▸ **Activity**: Your answer should hold the data exactly as given, minus any picture.

** Opening Data records block **

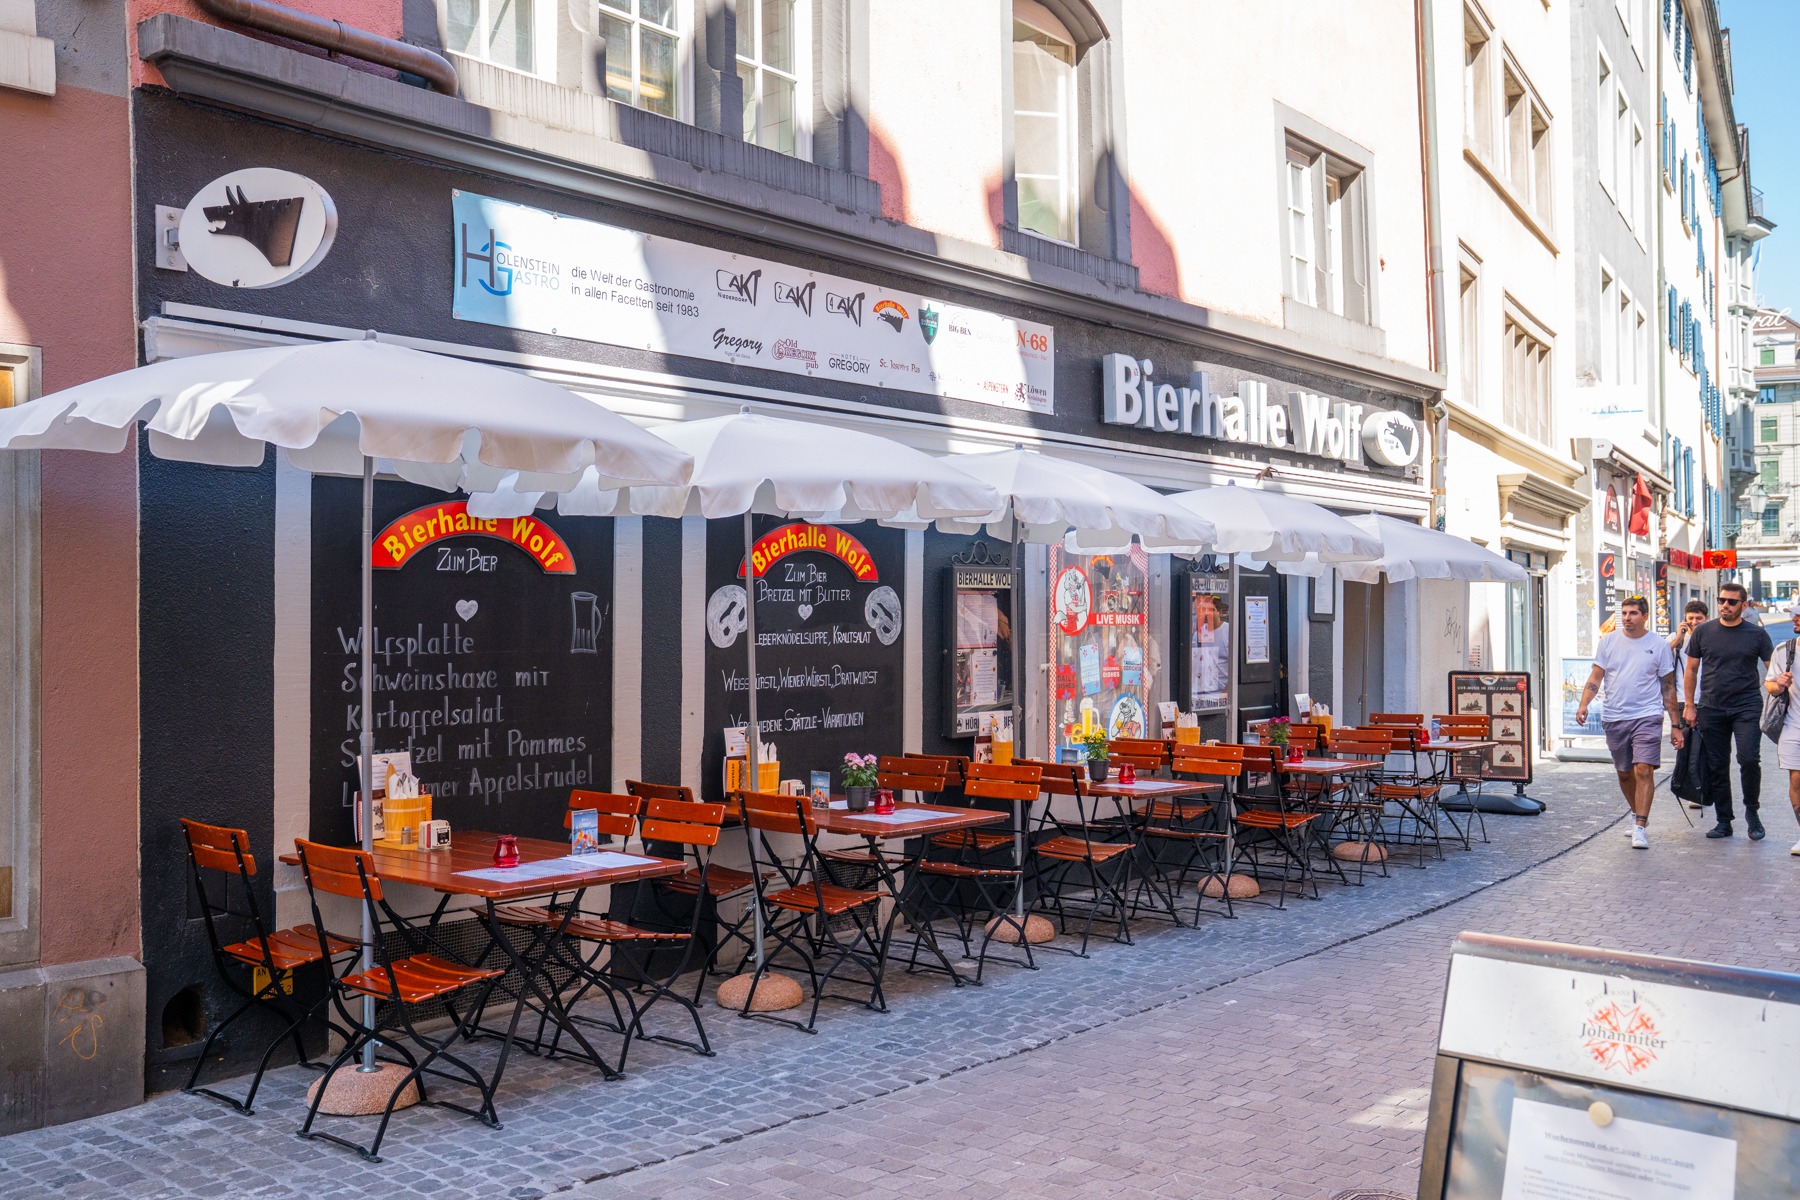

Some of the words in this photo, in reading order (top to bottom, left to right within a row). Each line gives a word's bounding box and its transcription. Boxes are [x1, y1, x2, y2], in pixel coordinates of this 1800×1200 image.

[571, 266, 587, 279] die
[590, 269, 613, 285] Welt
[616, 274, 632, 288] der
[634, 278, 695, 301] Gastronomie
[571, 283, 581, 295] in
[584, 285, 608, 301] allen
[611, 290, 653, 309] Facetten
[656, 300, 674, 314] seit
[676, 302, 700, 318] 1983
[713, 327, 763, 354] Gregory
[828, 358, 871, 374] GREGORY
[1103, 352, 1287, 449] Bierhalle
[1289, 391, 1362, 461] Wolf
[512, 517, 564, 568] Wolf
[751, 526, 827, 573] Bierhalle
[835, 532, 872, 577] Wolf
[958, 572, 994, 586] BIERHALLE
[994, 572, 1011, 586] WOL
[1096, 614, 1114, 625] LIVE
[1115, 614, 1140, 624] MUSIK
[336, 623, 474, 667] Wlfsplatte
[341, 662, 498, 693] Shweinshaxe
[1057, 674, 1076, 682] DAILY
[346, 695, 505, 740] Krtoffelsalat
[458, 728, 492, 761] mit
[508, 729, 587, 757] Pommes
[469, 754, 593, 806] Apfelstrudel
[1579, 1022, 1668, 1049] Johanniter
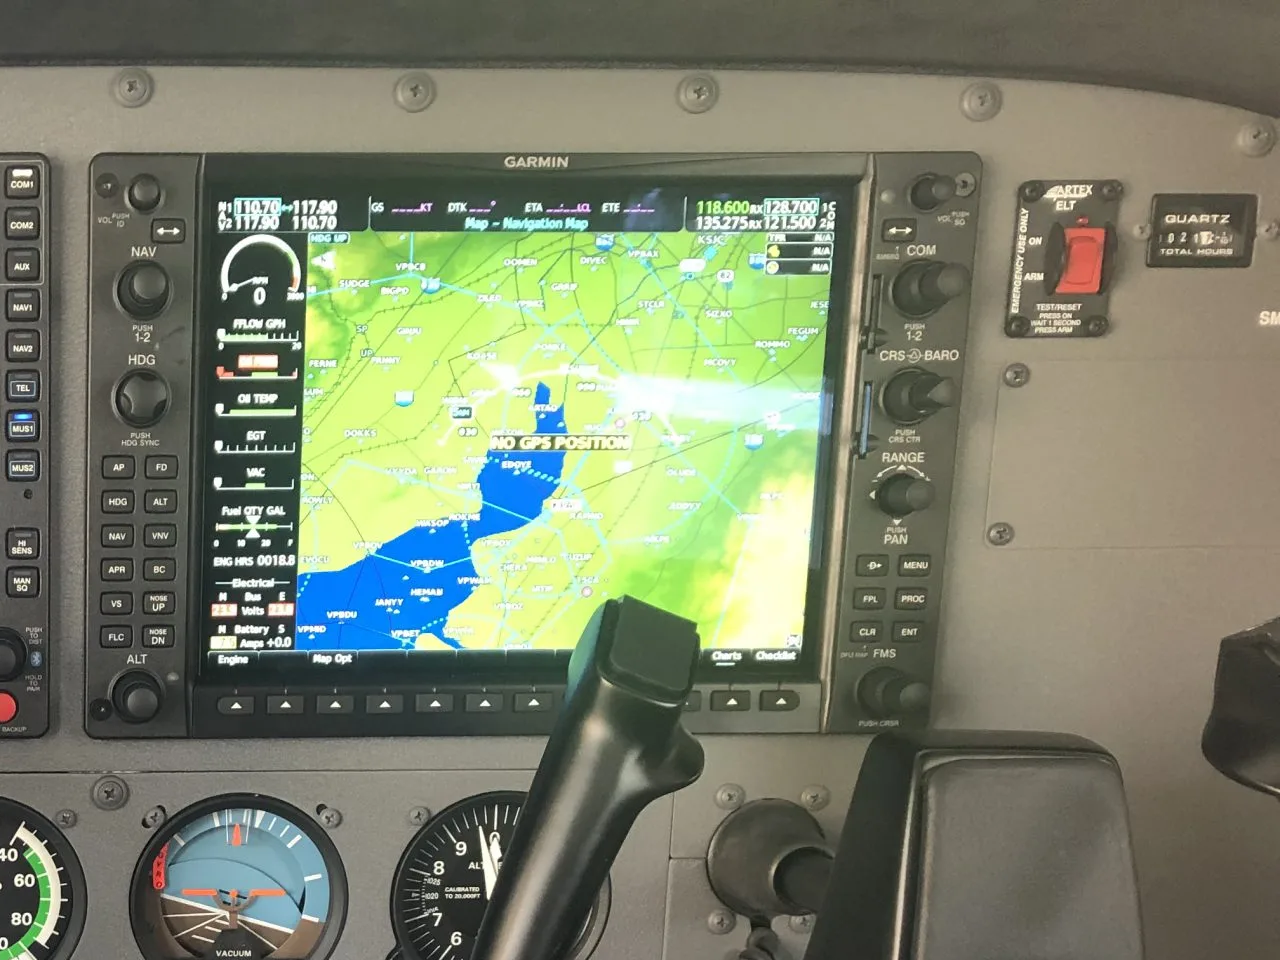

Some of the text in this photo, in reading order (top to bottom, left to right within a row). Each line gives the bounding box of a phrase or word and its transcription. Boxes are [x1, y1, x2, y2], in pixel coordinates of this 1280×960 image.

** Closing Data records block **

▸ **Solution for this problem**:
Some of the words in this photo, in reading order (top to bottom, left to right within a row). Each line gives a word's bounding box and its transcription. Boxes are [x1, y1, x2, y2], in pixel coordinates of this 1800×1200 image.

[571, 266, 587, 279] die
[590, 269, 613, 285] Welt
[616, 274, 632, 288] der
[634, 278, 695, 301] Gastronomie
[571, 283, 581, 295] in
[584, 285, 608, 301] allen
[611, 290, 653, 309] Facetten
[656, 300, 674, 314] seit
[676, 302, 700, 318] 1983
[713, 327, 763, 354] Gregory
[828, 358, 871, 374] GREGORY
[1103, 352, 1287, 449] Bierhalle
[1289, 391, 1362, 461] Wolf
[512, 517, 564, 568] Wolf
[751, 526, 827, 573] Bierhalle
[835, 532, 872, 577] Wolf
[958, 572, 994, 586] BIERHALLE
[994, 572, 1011, 586] WOL
[1096, 614, 1114, 625] LIVE
[1115, 614, 1140, 624] MUSIK
[336, 623, 474, 667] Wlfsplatte
[341, 662, 498, 693] Shweinshaxe
[1057, 674, 1076, 682] DAILY
[346, 695, 505, 740] Krtoffelsalat
[458, 728, 492, 761] mit
[508, 729, 587, 757] Pommes
[469, 754, 593, 806] Apfelstrudel
[1579, 1022, 1668, 1049] Johanniter

Some of the text in this photo, in reading order (top to bottom, left to right within a row). Each line gives the bounding box of a phrase or word and its transcription. Boxes are [x1, y1, x2, y2], in pixel coordinates of this 1280×960 image.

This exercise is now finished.